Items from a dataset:

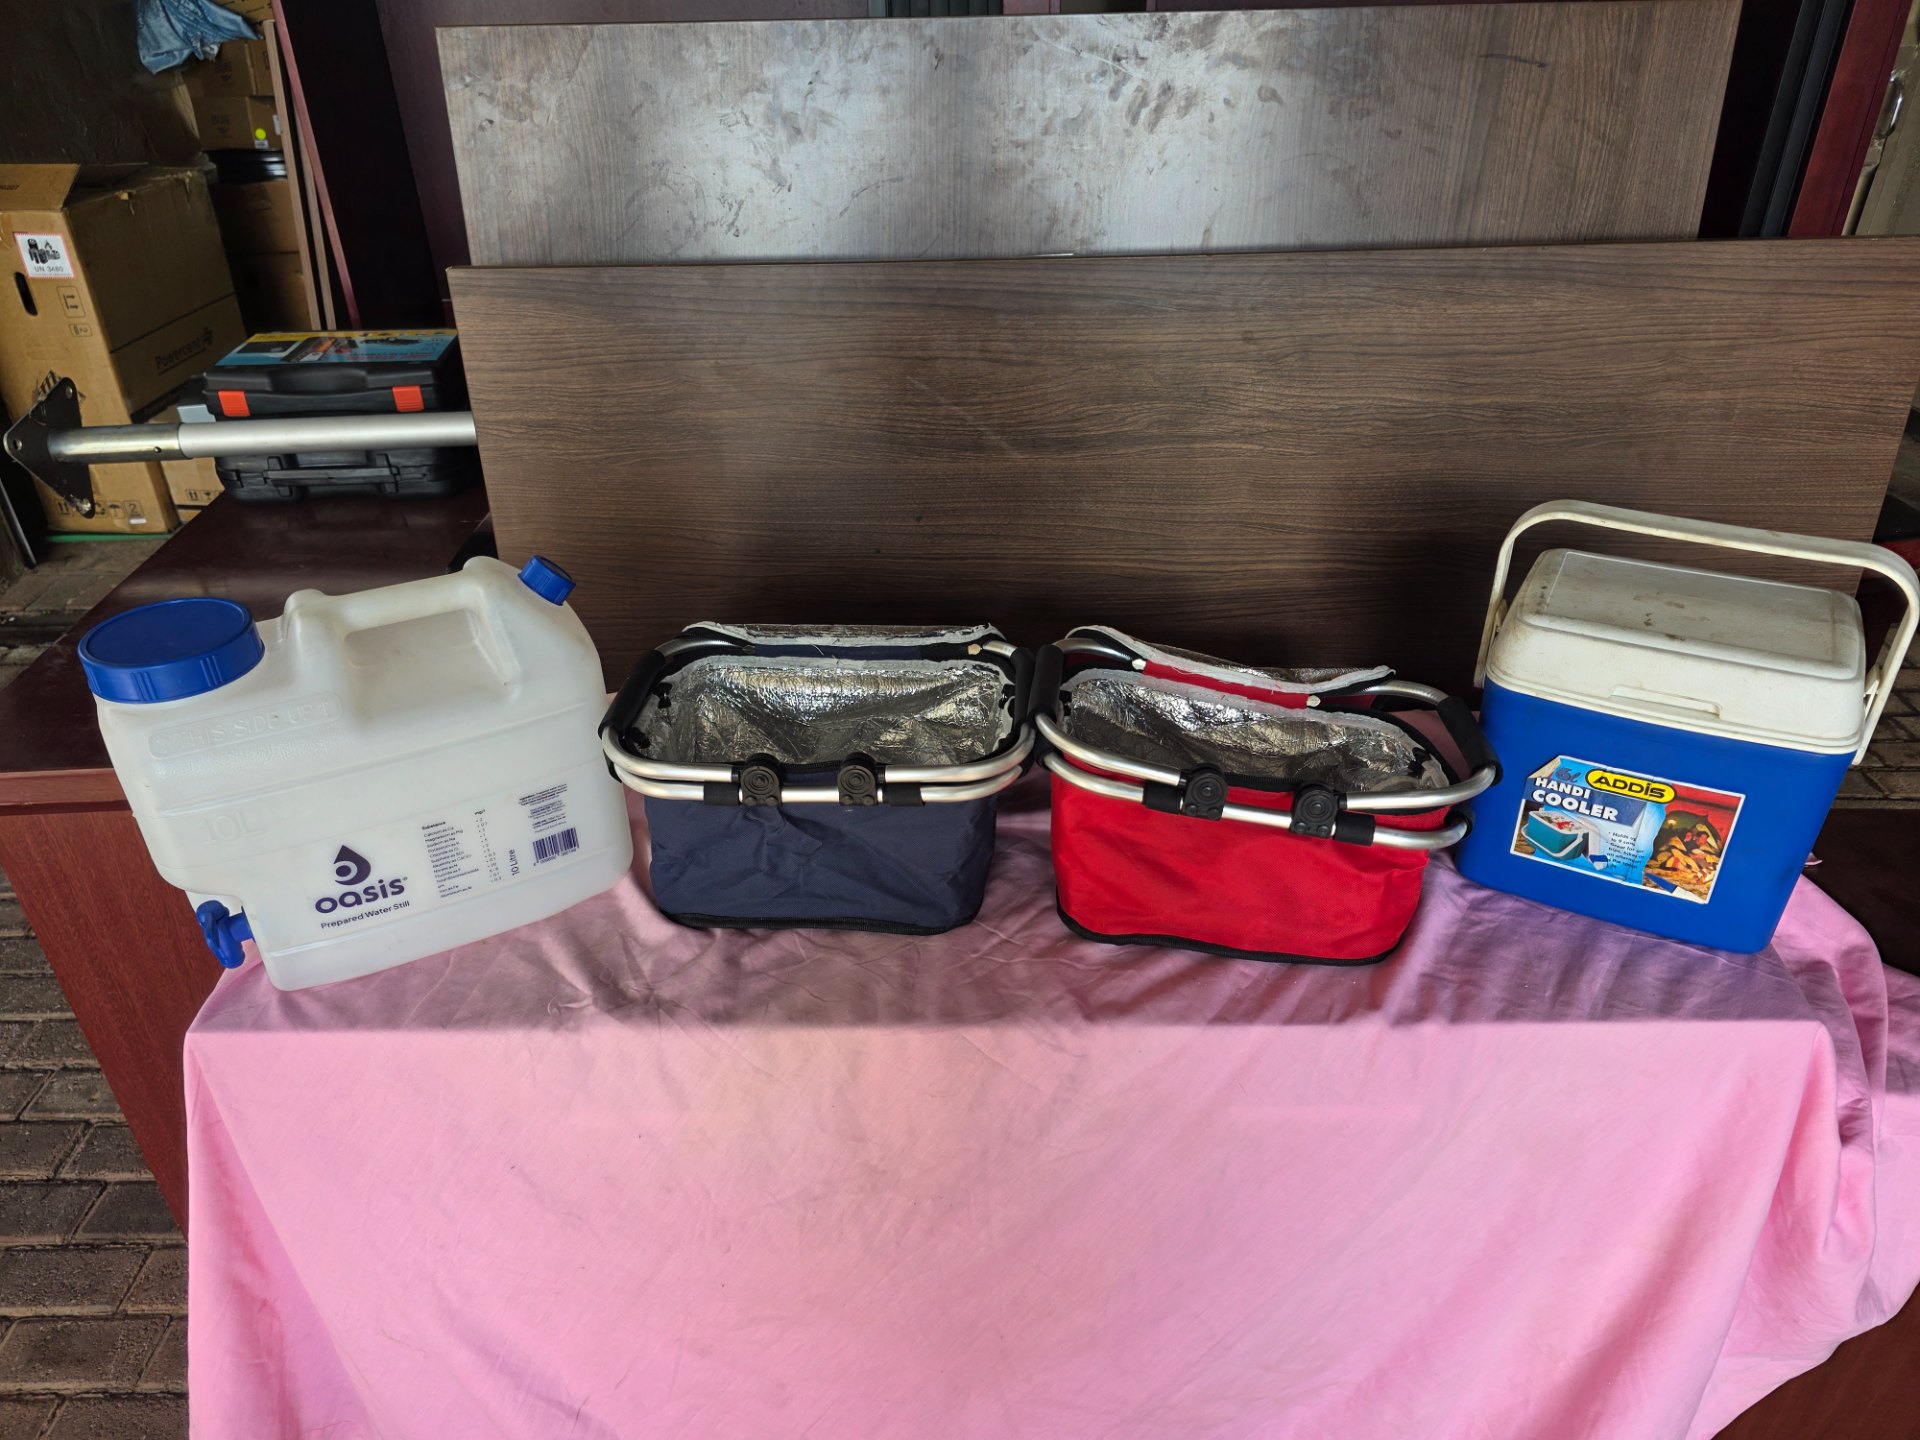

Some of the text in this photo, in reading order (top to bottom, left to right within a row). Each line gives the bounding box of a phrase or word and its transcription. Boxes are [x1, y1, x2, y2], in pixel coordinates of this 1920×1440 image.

[233, 714, 280, 738] SIDE
[1535, 778, 1591, 799] HANDI
[1532, 790, 1619, 822] COOLER
[508, 849, 518, 866] Litre
[315, 878, 405, 913] oasis
[320, 900, 410, 928] Prepared Water Still
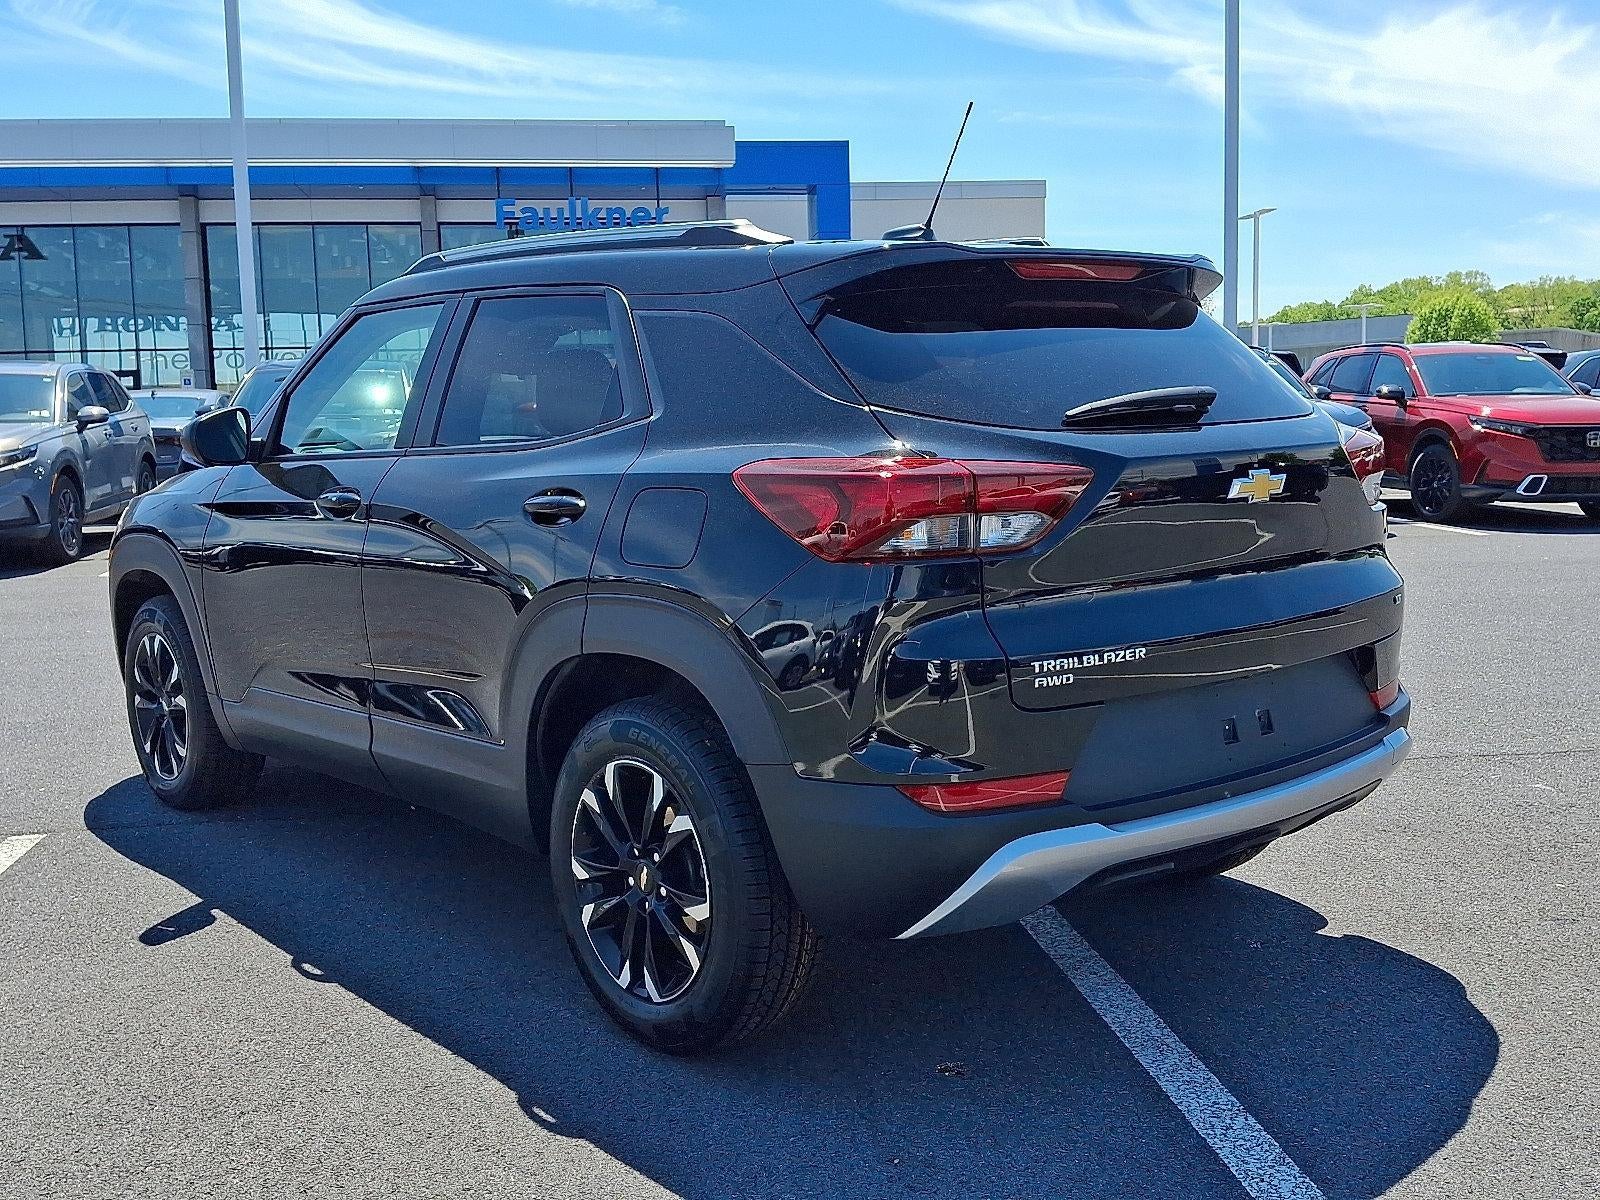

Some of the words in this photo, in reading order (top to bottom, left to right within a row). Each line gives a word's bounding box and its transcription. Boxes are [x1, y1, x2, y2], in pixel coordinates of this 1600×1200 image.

[495, 196, 669, 231] Faulkner
[94, 315, 243, 333] HONA
[1031, 647, 1147, 673] TRAILBLAZER
[1034, 674, 1074, 688] AWD
[627, 727, 695, 795] GENERAL

What you need to do:
All entries above are to be set down word for word, and the pictures are to be left out.

Your solution:
Some of the text in this photo, in reading order (top to bottom, left to right within a row). Each line gives the bounding box of a phrase or word and its transcription. Boxes are [x1, y1, x2, y2], in pixel coordinates of this 1920×1440 image.

[233, 714, 280, 738] SIDE
[1535, 778, 1591, 799] HANDI
[1532, 790, 1619, 822] COOLER
[508, 849, 518, 866] Litre
[315, 878, 405, 913] oasis
[320, 900, 410, 928] Prepared Water Still

Some of the words in this photo, in reading order (top to bottom, left to right within a row). Each line gives a word's bounding box and its transcription. Boxes are [x1, y1, x2, y2], in pixel coordinates of this 1600×1200 image.

[495, 196, 669, 231] Faulkner
[94, 315, 243, 333] HONA
[1031, 647, 1147, 673] TRAILBLAZER
[1034, 674, 1074, 688] AWD
[627, 727, 695, 795] GENERAL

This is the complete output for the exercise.